AI Models

Ornith 1.0: The Local Coding Model That Writes Its Own Scaffold

DeepReinforce shipped Ornith 1.0 on June 25, 2026, and the real story is not the SWE-bench number, it is where the agent harness lives. Ornith learned to write its own scaffold, so the orchestration is inside the weights instead of bolted on around them. It is MIT-licensed, comes in four sizes, and the two smaller ones run on a single consumer GPU, fully offline, fully private.

Jithin Kumar PalepuJune 25, 202613 min read

On June 25, 2026, DeepReinforce released Ornith 1.0, a family of open, MIT-licensed coding models with one genuinely new idea: the model does not just solve the task, it also writes the agent scaffold it solves the task inside, and it learned both at the same time. That sounds like a detail. It is the whole point, and it is why a 35-billion parameter model you can run on a used graphics card behaves less like a chatbot and more like an agent that already knows how to drive itself.

For the last two years the open coding-model recipe has been fixed: someone trains a strong solver, then a separate team hand-builds the agent harness around it, the retry logic, the planning prompts, the tool-call formatting, the “if the test fails, do this” rules. The scaffold was human engineering; the model was the engine you dropped into it. Ornith 1.0 collapses that split. It treats the scaffold as something to learn, with reinforcement learning, at the same time as the code. That is what “self-scaffolding” means, and it changes what a small, local model is capable of on its own.
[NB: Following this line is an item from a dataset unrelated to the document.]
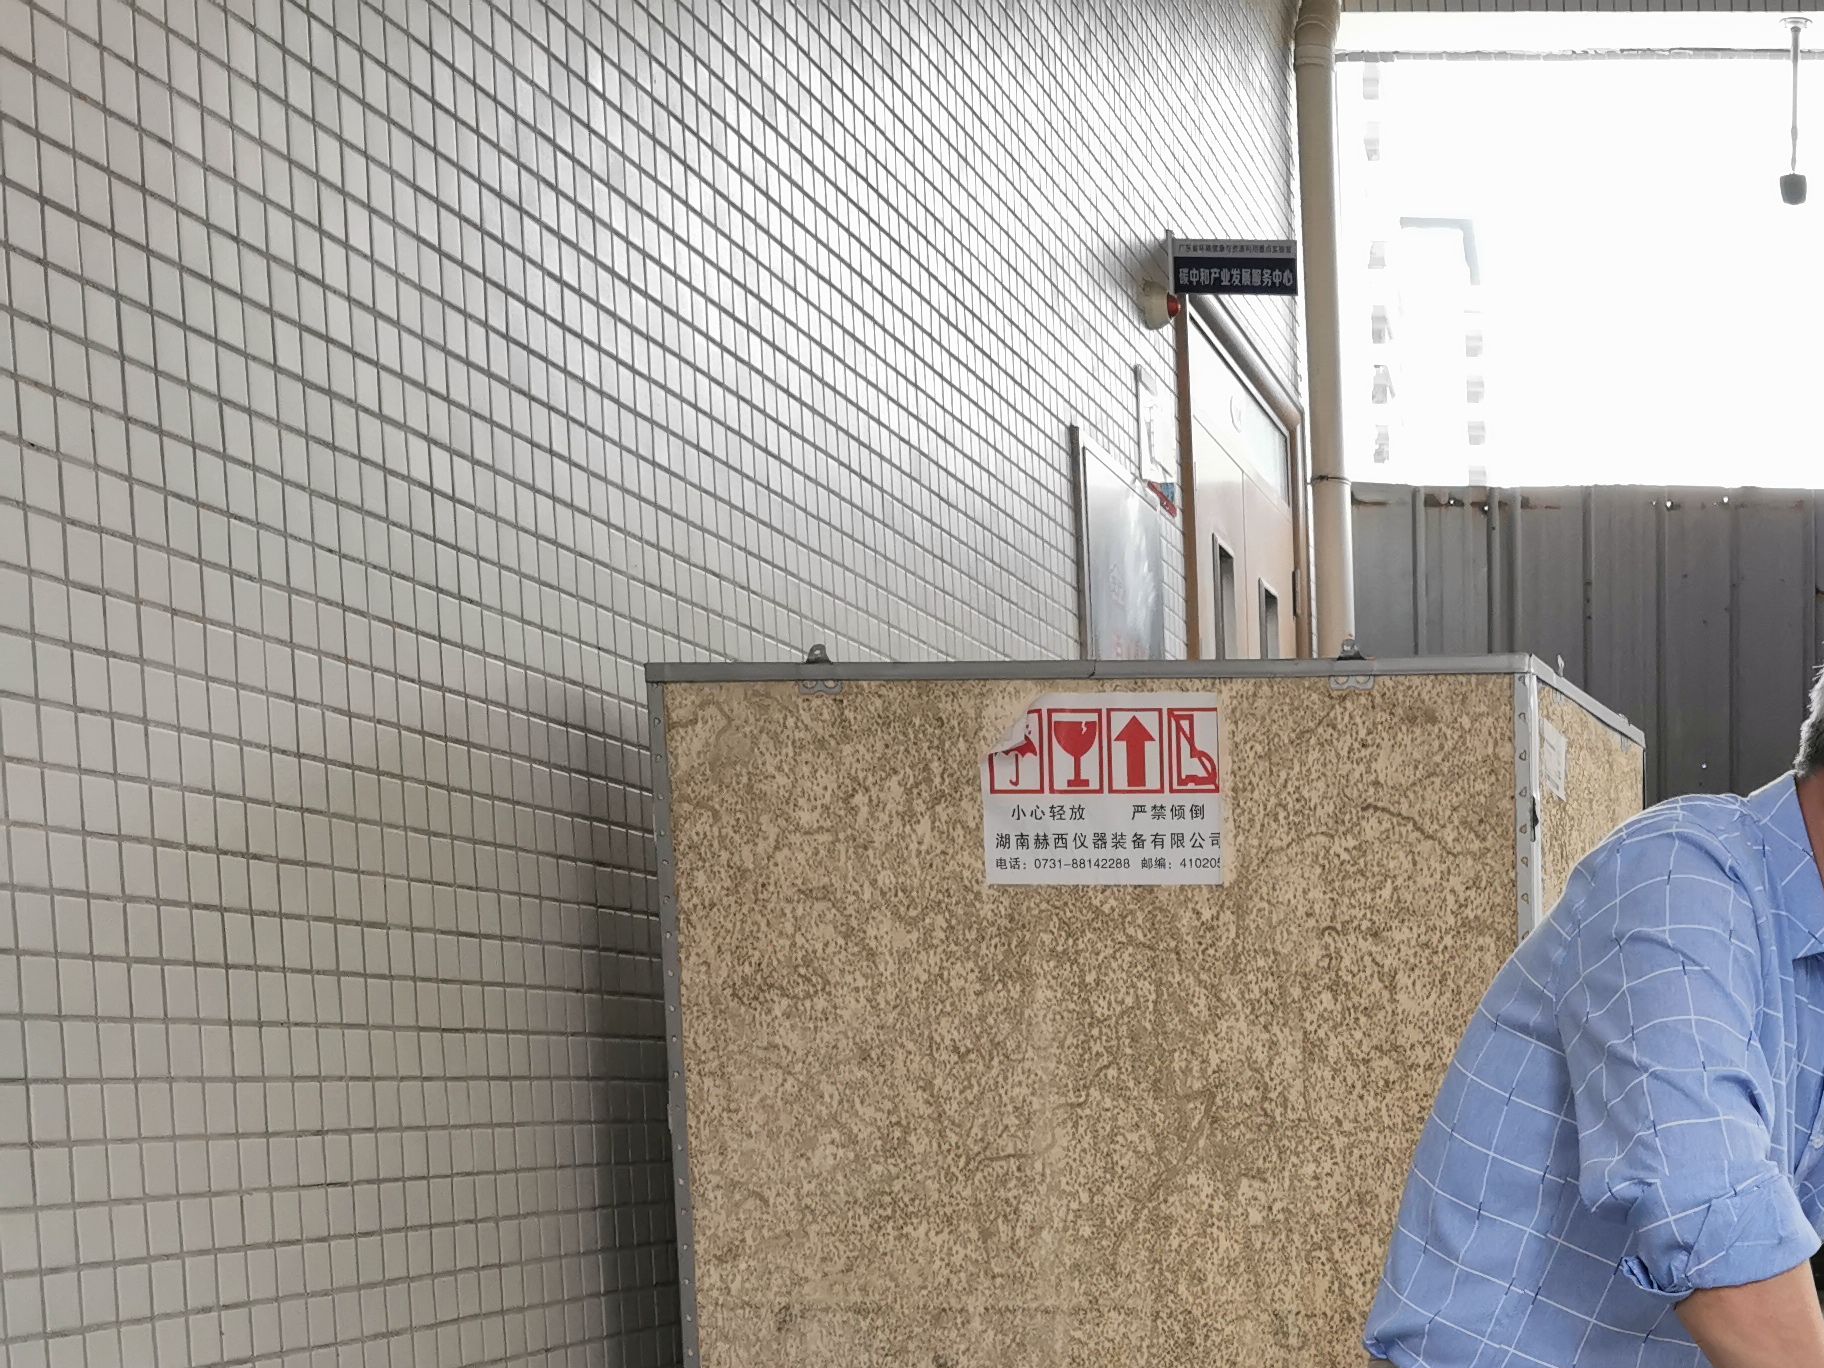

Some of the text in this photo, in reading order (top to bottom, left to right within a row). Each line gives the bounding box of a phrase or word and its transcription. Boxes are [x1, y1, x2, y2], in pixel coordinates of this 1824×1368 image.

[1179, 267, 1294, 287] 碳中和产业发展服务中心
[1011, 803, 1205, 821] 小心轻放 严禁倾倒
[995, 831, 1221, 850] 湖南赫西仪器装备有限公司
Everyone else trains the solver and hand-builds the harness around it. Ornith trained the harness into the weights.

What is “self-scaffolding,” concretely?

Start with the problem it solves. A raw language model is good at producing a chunk of code. An agent is something else: it reads a task, makes a plan, edits files, runs the tests, reads the failure, and tries again, across dozens of tool calls, without losing the thread. The gap between “writes good code” and “recovers from its own mistakes over a long run” is exactly the scaffold. Traditionally you write that scaffold by hand and pray it generalizes.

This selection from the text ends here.